HENRY THOMAS HALL, Plaintiff-Appellant, v. JACOBS, CAMODECA and TIMPONE et al., Defendants-Appellees.

First District (1st Division)

No. 84—0609

Opinion filed June 24, 1985.

*517Gorman & Gorman, of Chicago (Gregory X. Gorman and H. Candace Gorman, of counsel), for appellant.
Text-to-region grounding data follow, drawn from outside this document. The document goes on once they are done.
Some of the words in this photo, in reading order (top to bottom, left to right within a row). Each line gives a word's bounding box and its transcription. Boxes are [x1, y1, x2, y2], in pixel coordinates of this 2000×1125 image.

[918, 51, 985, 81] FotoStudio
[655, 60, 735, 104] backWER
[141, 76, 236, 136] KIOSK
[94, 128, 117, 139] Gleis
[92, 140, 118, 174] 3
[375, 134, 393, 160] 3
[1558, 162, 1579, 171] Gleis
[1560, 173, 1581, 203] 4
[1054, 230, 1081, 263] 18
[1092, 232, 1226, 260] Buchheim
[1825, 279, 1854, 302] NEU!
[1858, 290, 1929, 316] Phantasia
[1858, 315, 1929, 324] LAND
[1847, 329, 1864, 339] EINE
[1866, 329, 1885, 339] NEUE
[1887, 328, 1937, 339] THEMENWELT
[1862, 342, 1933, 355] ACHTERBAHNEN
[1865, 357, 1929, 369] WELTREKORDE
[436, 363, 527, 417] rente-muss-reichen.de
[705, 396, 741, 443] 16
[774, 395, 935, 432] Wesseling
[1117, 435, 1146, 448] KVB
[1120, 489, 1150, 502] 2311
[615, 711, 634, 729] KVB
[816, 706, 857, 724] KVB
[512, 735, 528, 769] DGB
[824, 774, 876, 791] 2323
Timpone & Rickelman, of Chicago (Linda S. Kagan, of counsel), for appellees.

JUSTICE O’CONNOR

delivered the opinion of the court:

This appeal involves the propriety of a circuit court judge vacating a default order previously imposed by another judge as a sanction for noncompliance with court-ordered discovery. Plaintiff, Henry Thomas Hall, brought the instant legal malpractice action against, defendants Leonard Timpone, plaintiff's former attorney, and the law firm of Jacobs, Camodeca and Timpone. After defendants ignored two court orders compelling discovery, the pretrial motions judge ordered defendants’ answer stricken and entered an order of default as a sanction under Supreme Court Rule 219(c) for noncompliance with discovery. (81 Ill. 2d R. 219(c).) Another judge who was assigned to the case for purposes of prove up vacated the default order and decided the merits of the case in favor of defendants. We reverse and remand.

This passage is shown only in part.